• [What is being asked] Repeat the records in full and exactly, omitting pictures.

• [Data for this task]
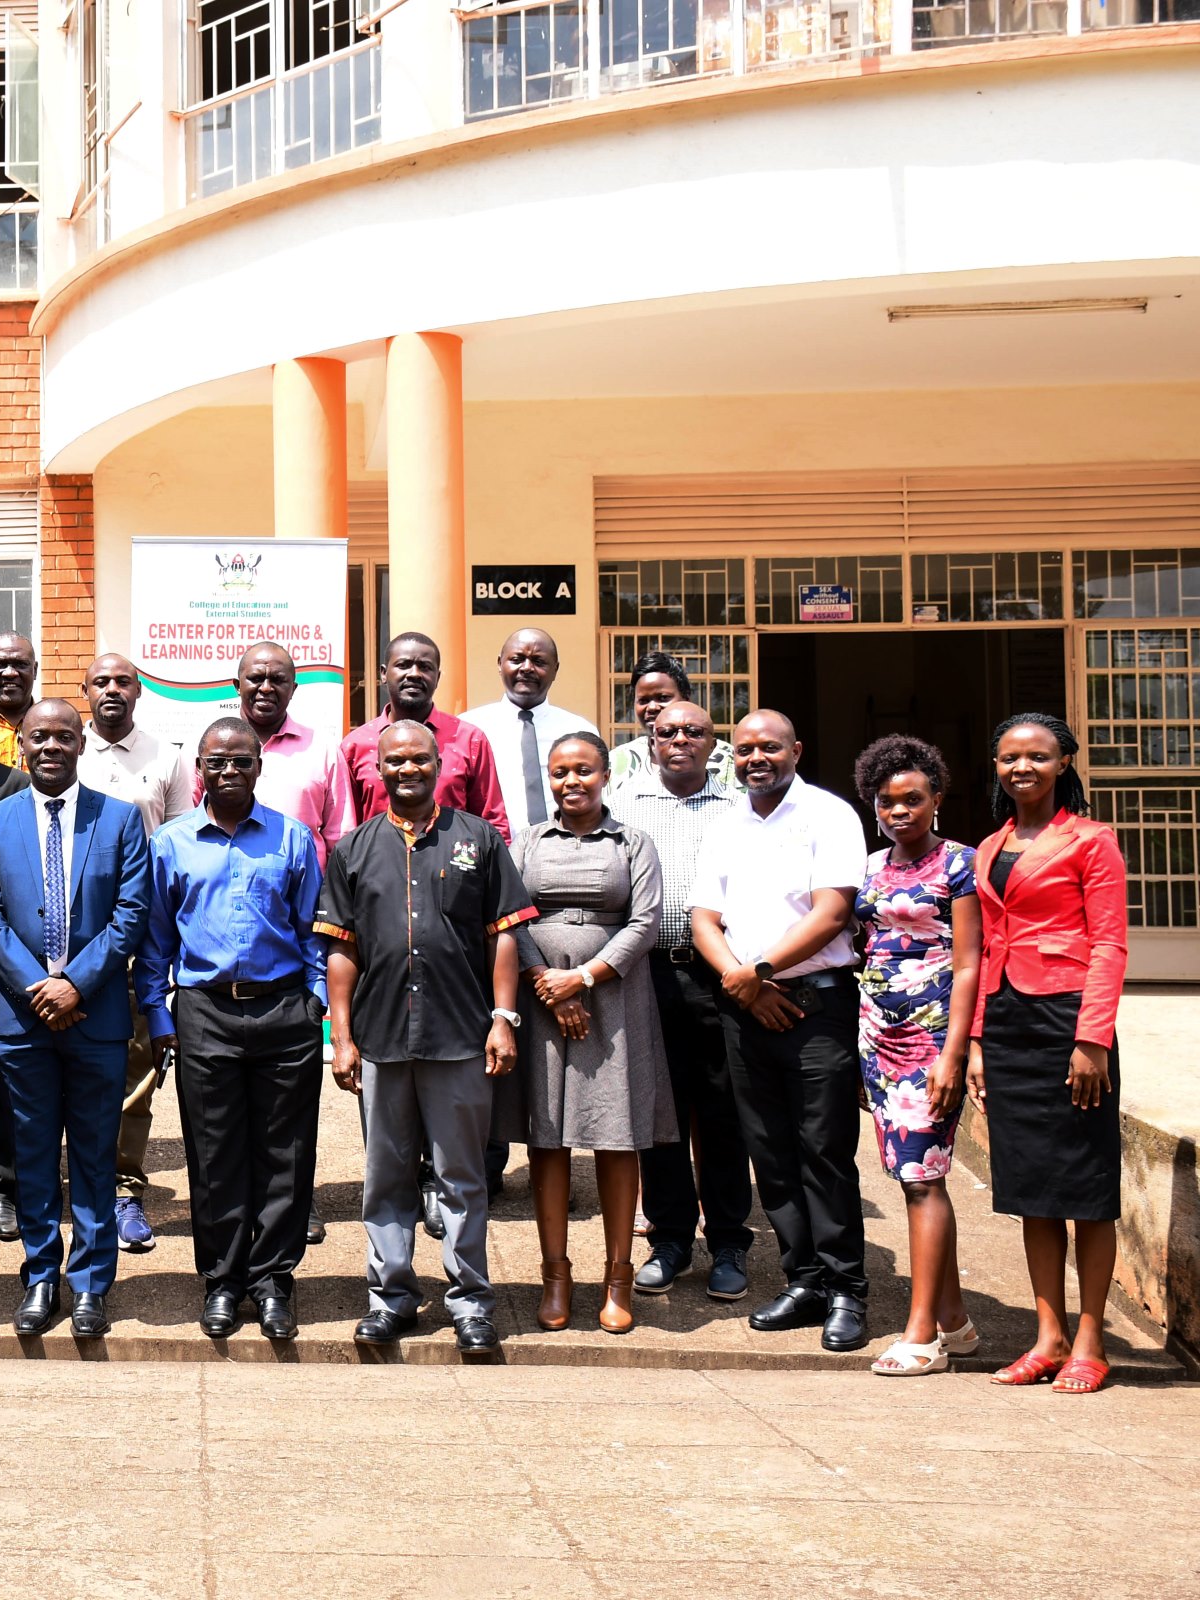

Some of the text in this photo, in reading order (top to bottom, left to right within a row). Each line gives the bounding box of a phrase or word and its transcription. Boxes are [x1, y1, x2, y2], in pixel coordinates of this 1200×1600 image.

[475, 582, 572, 599] BLOCK A
[189, 601, 220, 610] College
[232, 601, 271, 609] Education
[273, 601, 289, 609] and
[206, 610, 271, 618] External Studies
[812, 612, 844, 620] ASSAULT
[148, 623, 323, 640] CENTER FOR TEACHING &
[142, 644, 213, 660] LEARNING

• [Result]
Some of the text in this photo, in reading order (top to bottom, left to right within a row). Each line gives the bounding box of a phrase or word and its transcription. Boxes are [x1, y1, x2, y2], in pixel coordinates of this 1200×1600 image.

[475, 582, 572, 599] BLOCK A
[189, 601, 220, 610] College
[232, 601, 271, 609] Education
[273, 601, 289, 609] and
[206, 610, 271, 618] External Studies
[812, 612, 844, 620] ASSAULT
[148, 623, 323, 640] CENTER FOR TEACHING &
[142, 644, 213, 660] LEARNING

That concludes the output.